Selective Pharmacological Targeting of a DEAD Box RNA Helicase
Figure 2
Selectivity of hippuristanol for eIF4A.
(A) Inhibition of eIF4A RNA-dependent ATPase activity by hippuristanol. ATPase assays were performed with 0.1 µg of His6-eIF4AI or His6-eIF4AII at 25°C or with 0.1 µg of His6-eIF4AIII at 37°C for 2 h with 0.1 µCi γ-32P-ATP (10 Ci/mmol). Following analysis by TLC and quantitation using a Fuji BAS 2000 phosphoimager, the percent hydrolysis was determined and set relative to the DMSO vehicle control reactions.
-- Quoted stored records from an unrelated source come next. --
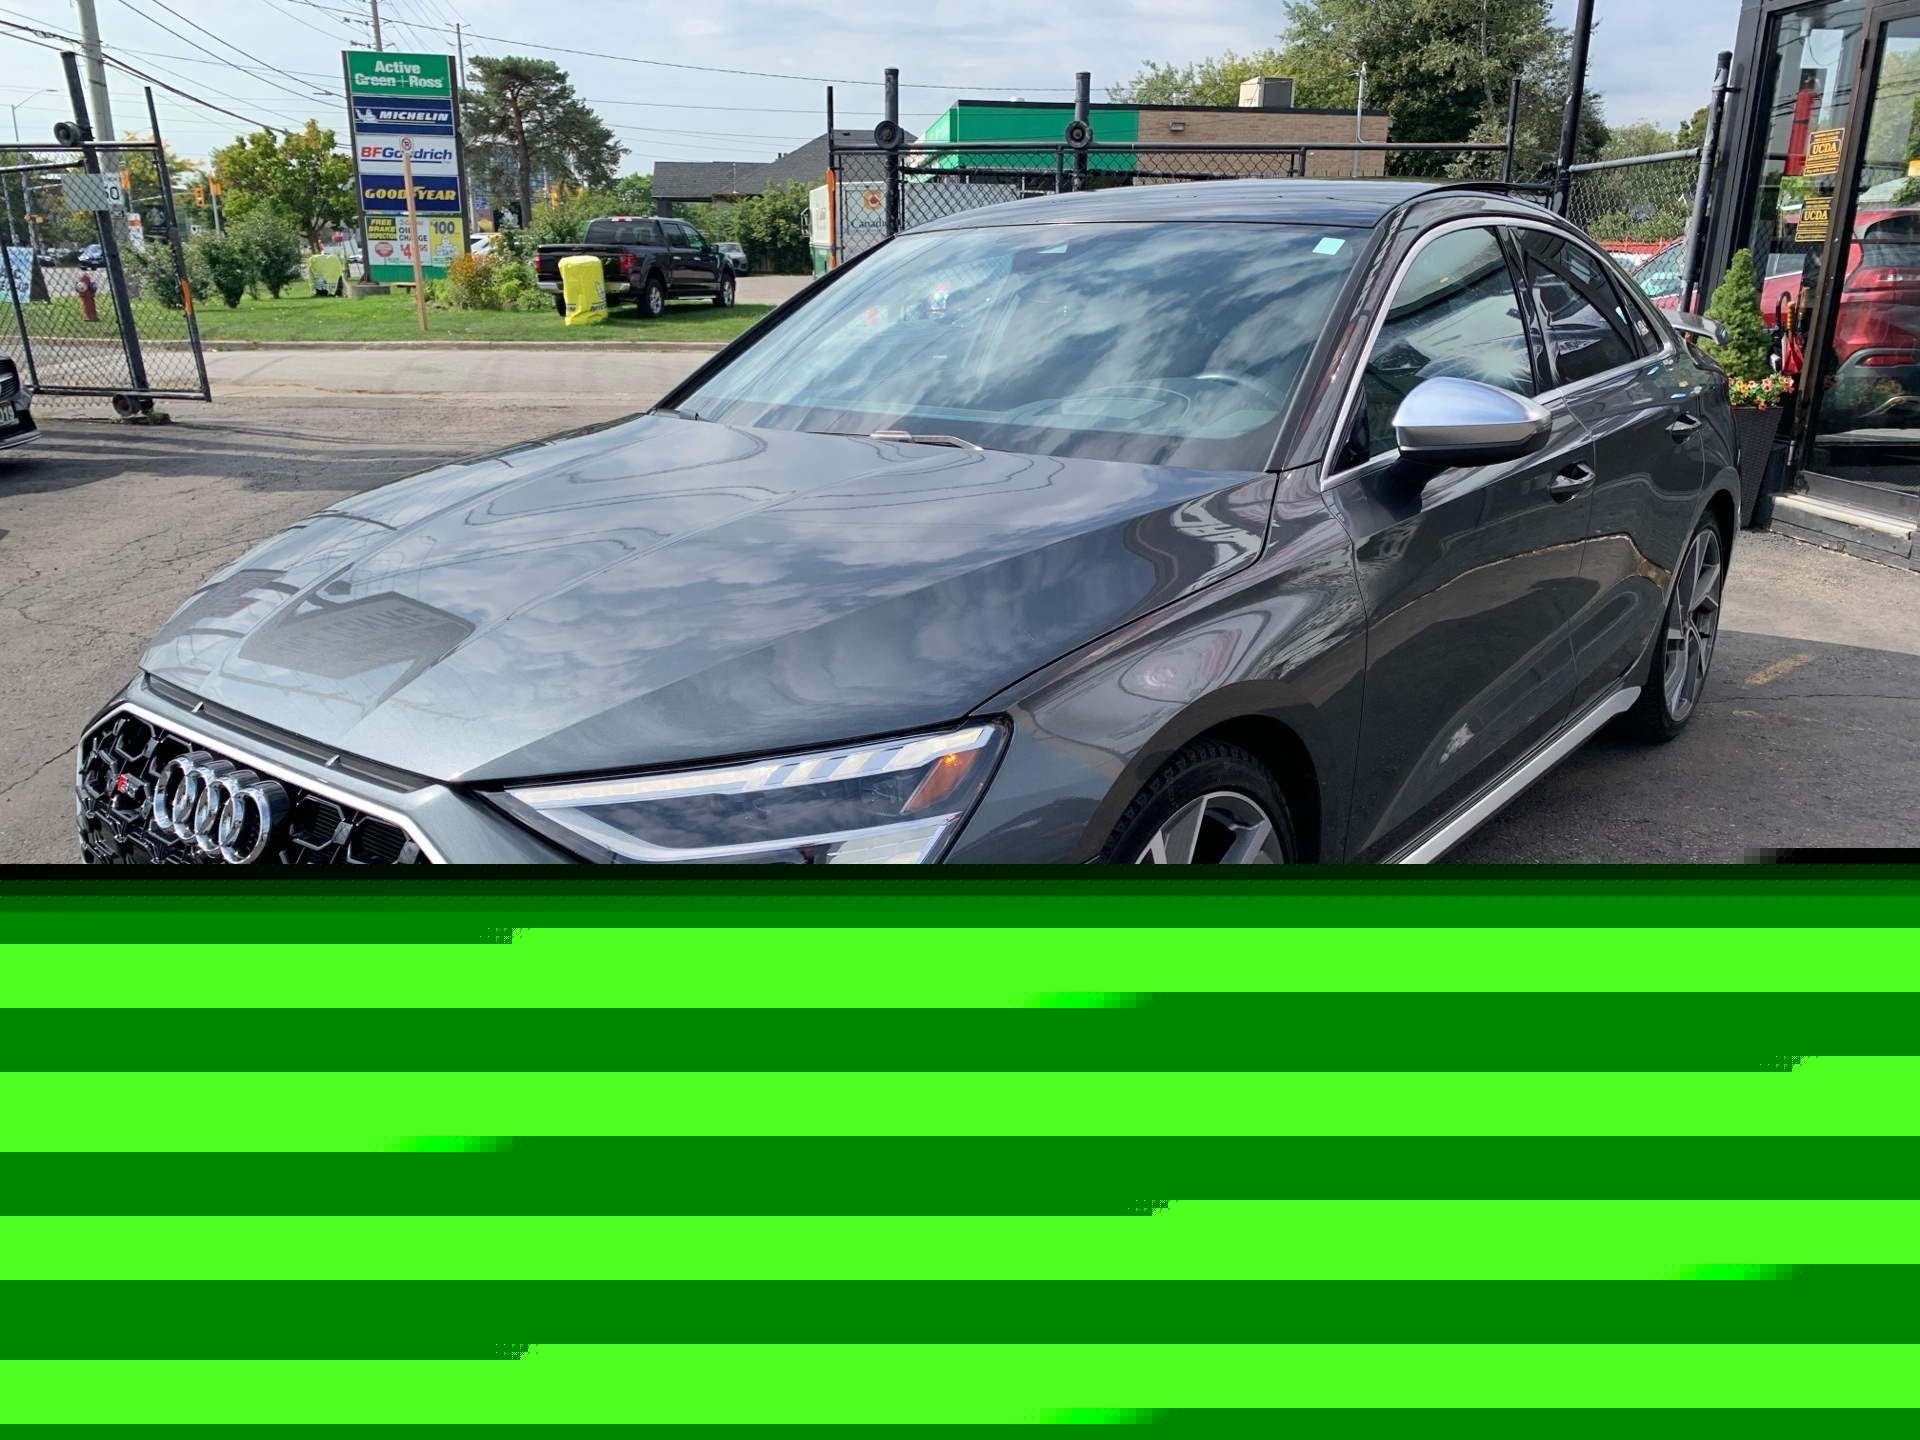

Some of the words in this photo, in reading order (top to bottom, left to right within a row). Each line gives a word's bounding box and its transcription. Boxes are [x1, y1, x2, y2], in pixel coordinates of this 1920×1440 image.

[375, 61, 421, 74] Active
[379, 111, 449, 121] MICHELIN
[1812, 142, 1837, 154] UCDA
[1804, 210, 1828, 220] UCDA
[371, 218, 392, 226] FREE
[430, 221, 455, 235] $100
Each value represents the average of three measurements with the error shown as the standard deviation. (B) Crosslinking of recombinant proteins to RNA in the presence of hippuristanol. 32P-labelled CAT RNA was cross-linked to 0.5–1 µg of the indicated recombinant protein in the presence or absence of hippuristanol, separated by SDS-PAGE, and visualized by autoradiography. [Note that in our hands, recombinant hDDX52 did not crosslink to RNA.] (C) Relative ATPase activity of eIF4AI, hDDX19, and hDDX52 in the presence of 50 µM hippuristanol. eIF4AI and hDDX19 where performed at 25°C for 5 minutes while hDDX52 was incubated for 60 minutes to allow for analysis to be in the linear range of ATP hydrolysis. The percent ATP hydrolysis was determined in the presence of hippuristanol and set relative to the DMSO vehicle control reactions. The results represent the average of 3 experiments with error bars signifying the standard deviation.